§ **EXERCISE AIM**: Only the text belongs in the answer: every line of the records below, transcribed exactly.

§ **RECORDS PROVIDED**:

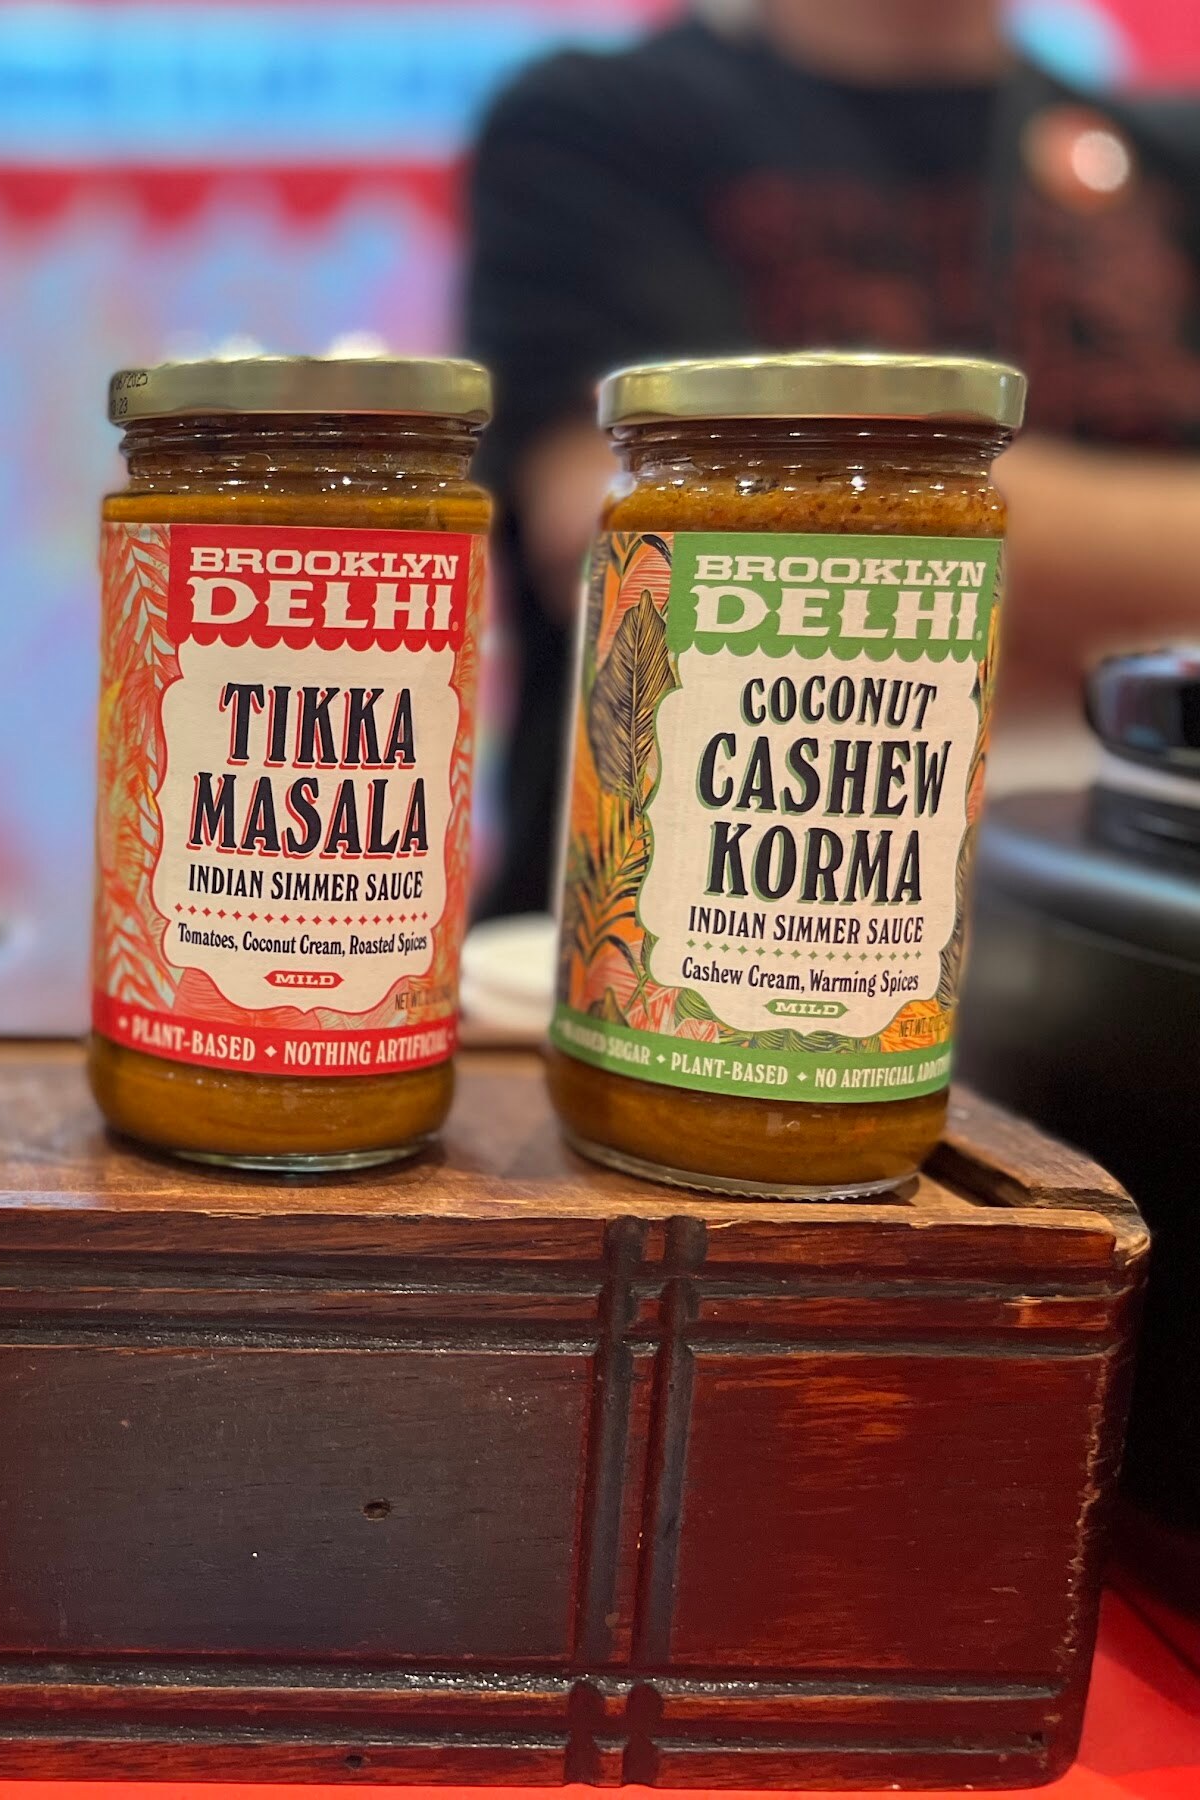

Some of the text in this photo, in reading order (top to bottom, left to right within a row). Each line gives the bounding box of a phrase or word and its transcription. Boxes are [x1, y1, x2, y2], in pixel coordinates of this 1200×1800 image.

[190, 547, 459, 579] BROOKLYN
[694, 555, 986, 587] BROOKLYN
[741, 674, 937, 731] COCONUT
[219, 683, 417, 770] TIKKA
[697, 732, 952, 818] CASHEW
[187, 772, 429, 859] MASALA
[188, 864, 424, 902] INDIAN SIMMER SAUCE
[704, 821, 922, 906] KORMA
[178, 922, 428, 958] Tomatoes, Coconut Cream, Roasted Spices
[688, 905, 924, 945] INDIAN SIMMER SAUCE
[274, 973, 335, 986] MILD
[681, 957, 919, 997] Cashew Cream, Warming Spices
[395, 992, 409, 1010] NET
[774, 1002, 840, 1015] MILD
[131, 1018, 255, 1062] PLANT-BASED
[284, 1040, 372, 1066] NOTHING
[899, 1019, 914, 1037] NET
[607, 1037, 651, 1065] SUGAR
[671, 1051, 789, 1085] PLANT-BASED
[814, 1067, 837, 1088] NO
[841, 1065, 914, 1088] ARTIFICIAL
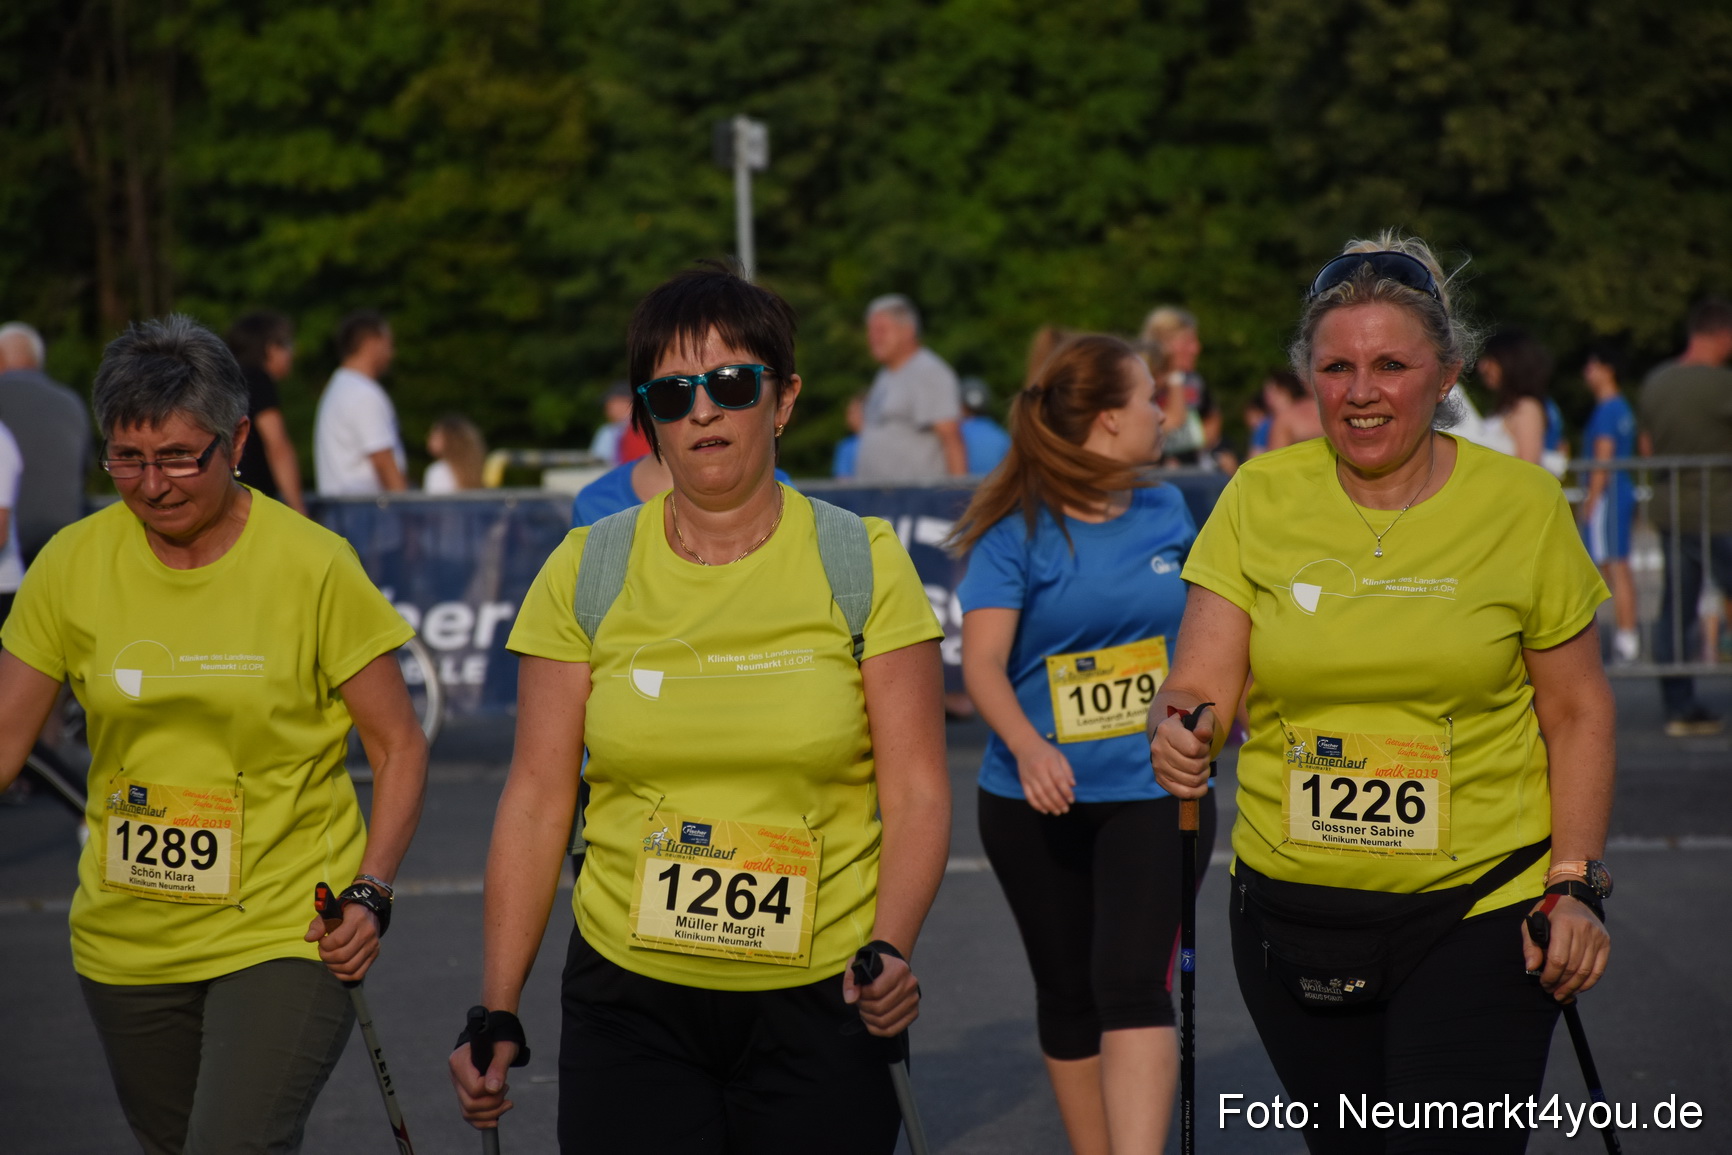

§ **TASK RESULT**:
Some of the text in this photo, in reading order (top to bottom, left to right within a row). Each line gives the bounding box of a phrase or word and its transcription. Boxes are [x1, y1, x2, y2], in pixel coordinates of this 1200×1800 image.

[190, 547, 459, 579] BROOKLYN
[694, 555, 986, 587] BROOKLYN
[741, 674, 937, 731] COCONUT
[219, 683, 417, 770] TIKKA
[697, 732, 952, 818] CASHEW
[187, 772, 429, 859] MASALA
[188, 864, 424, 902] INDIAN SIMMER SAUCE
[704, 821, 922, 906] KORMA
[178, 922, 428, 958] Tomatoes, Coconut Cream, Roasted Spices
[688, 905, 924, 945] INDIAN SIMMER SAUCE
[274, 973, 335, 986] MILD
[681, 957, 919, 997] Cashew Cream, Warming Spices
[395, 992, 409, 1010] NET
[774, 1002, 840, 1015] MILD
[131, 1018, 255, 1062] PLANT-BASED
[284, 1040, 372, 1066] NOTHING
[899, 1019, 914, 1037] NET
[607, 1037, 651, 1065] SUGAR
[671, 1051, 789, 1085] PLANT-BASED
[814, 1067, 837, 1088] NO
[841, 1065, 914, 1088] ARTIFICIAL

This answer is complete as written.